Os pais, a maioria com escolaridade baixa, morando em ambiente inadequado (comunidade), muitos sem emprego formal, se virando com sucatas e sem um apoio de políticas públicas. Tudo isso interfere na aprendizagem dos alunos (perdem os sonhos).”— Denilson Faria de Souza, diretor da EMEF Darcy Ribeiro
A experiência dos educadores aponta que fatores como renda familiar, acesso ao transporte, ambiente doméstico para estudos e necessidade de trabalho precoce podem interferir diretamente no rendimento escolar.
Os resultados do Exame Nacional do Ensino Médio (ENEM) reforçam a preocupação com a trajetória educacional dos jovens. De acordo com o Observatório Sebrae, em 2024, a média dos estudantes de Americana foi de 443 pontos, indicando desafios principalmente em áreas como Ciências da Natureza e Matemática.

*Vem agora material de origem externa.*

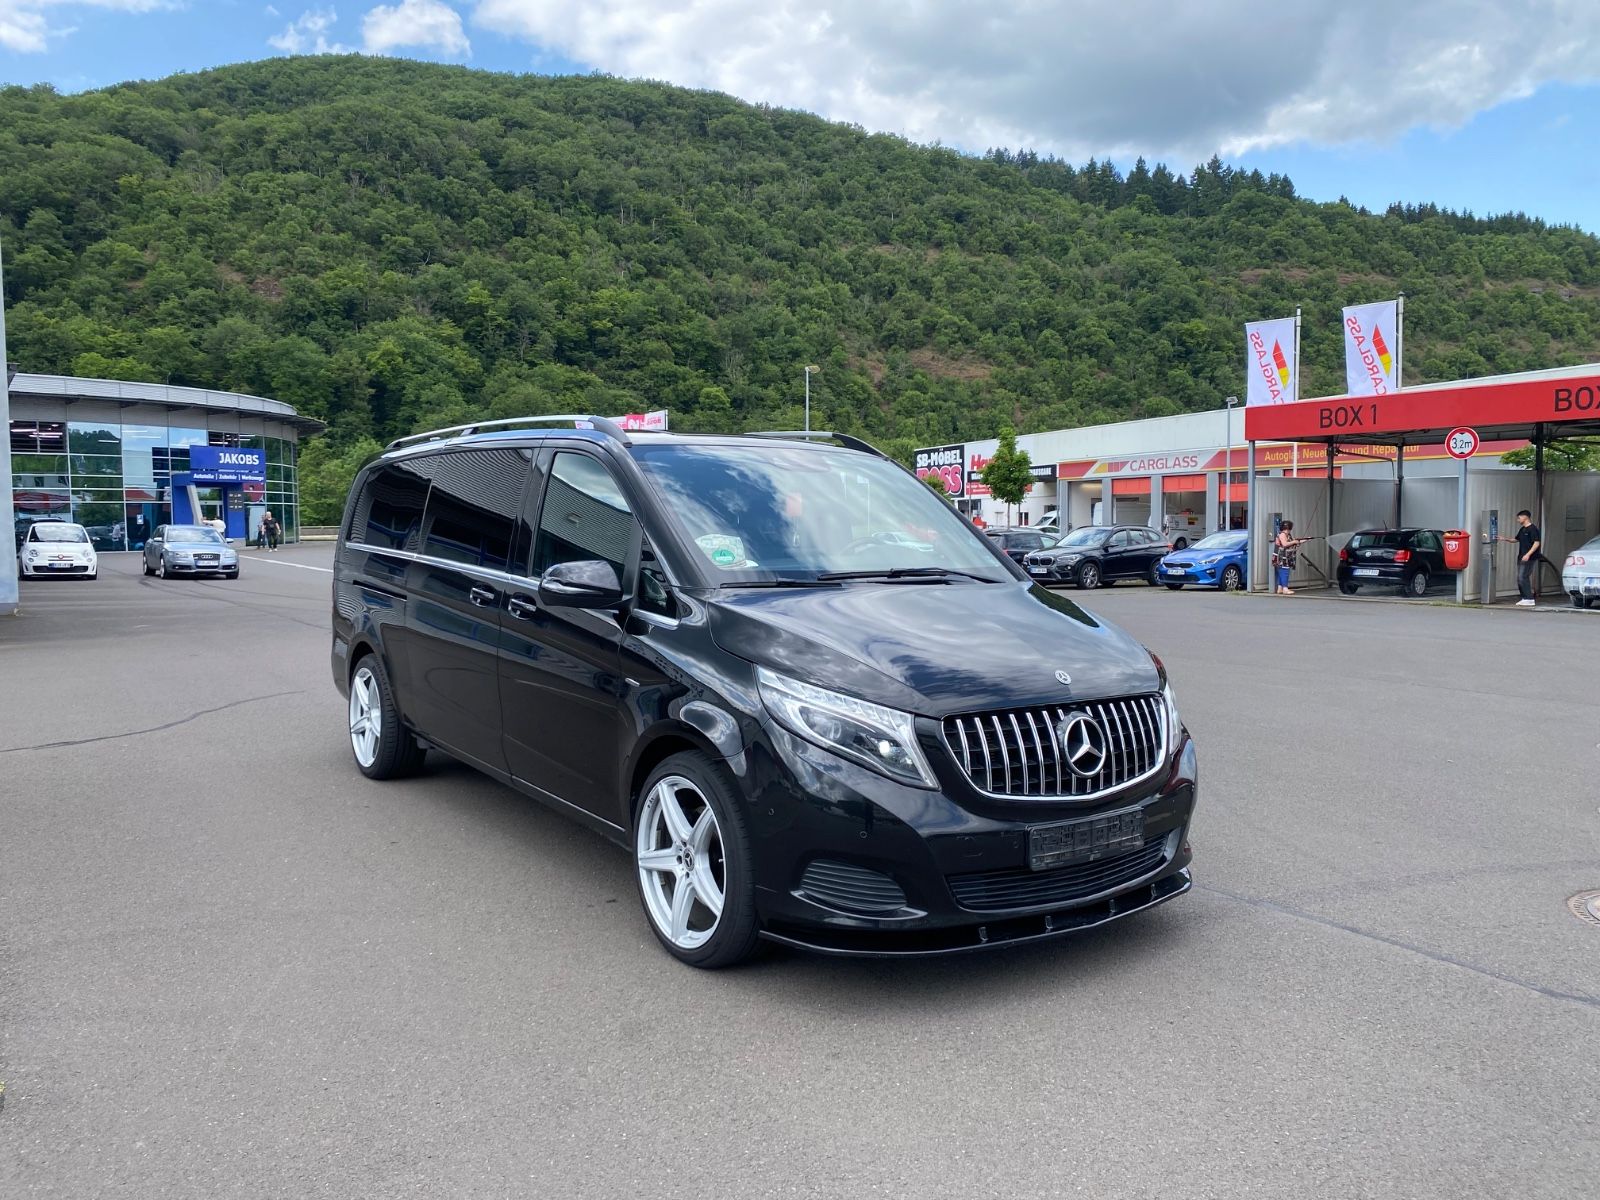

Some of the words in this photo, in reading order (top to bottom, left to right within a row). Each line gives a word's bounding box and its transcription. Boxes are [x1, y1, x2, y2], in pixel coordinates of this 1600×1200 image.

Os resultados sugerem a necessidade de investimentos contínuos em políticas educacionais que garantam não apenas o acesso à escola, mas também condições adequadas de aprendizagem ao longo de toda a educação básica.
Além dos desafios pedagógicos, os profissionais da educação também lidam diariamente com demandas sociais que ultrapassam o ambiente escolar.
Questionado sobre as principais dificuldades enfrentadas, Denilson destaca:
Os desafios são como acolher bem essas crianças e familiares com afetividade, com olhar, gestos de credibilidade e apoio em praticamente tudo.”— Denilson Faria de Souza, diretor da EMEF Darcy Ribeiro
A fala evidencia que, em muitos casos, a escola assume funções que vão além do ensino formal, tornando-se um espaço de acolhimento, proteção e construção de vínculos para crianças e adolescentes em situação de vulnerabilidade.
Na opinião do diretor entrevistado, algumas medidas poderiam contribuir para reduzir as desigualdades educacionais observadas no município.
Ampliar os recursos humanos, criar mais oficinas pedagógicas, lúdicas, esportivas e outras atividades que tornam a escola mais atraente e para isso necessitamos de recursos humanos.”— Denilson Faria de Souza, diretor da EMEF Darcy Ribeiro
Diante disso, a Secretaria acompanha esses casos buscando ativamente estudantes que integram a rotina de trabalho das escolas da rede municipal de Educação e mantém contato com as famílias para ressaltar a importância da presença escolar.
Embora Americana apresente indicadores educacionais acima da média em diversos aspectos, os dados demonstram que o acesso à educação de qualidade ainda está diretamente relacionado às condições sociais das famílias. Nesse contexto, o desafio não é apenas garantir vagas nas escolas, mas assegurar que todos os estudantes tenham condições semelhantes de aprender, permanecer na escola e construir oportunidades para o futuro.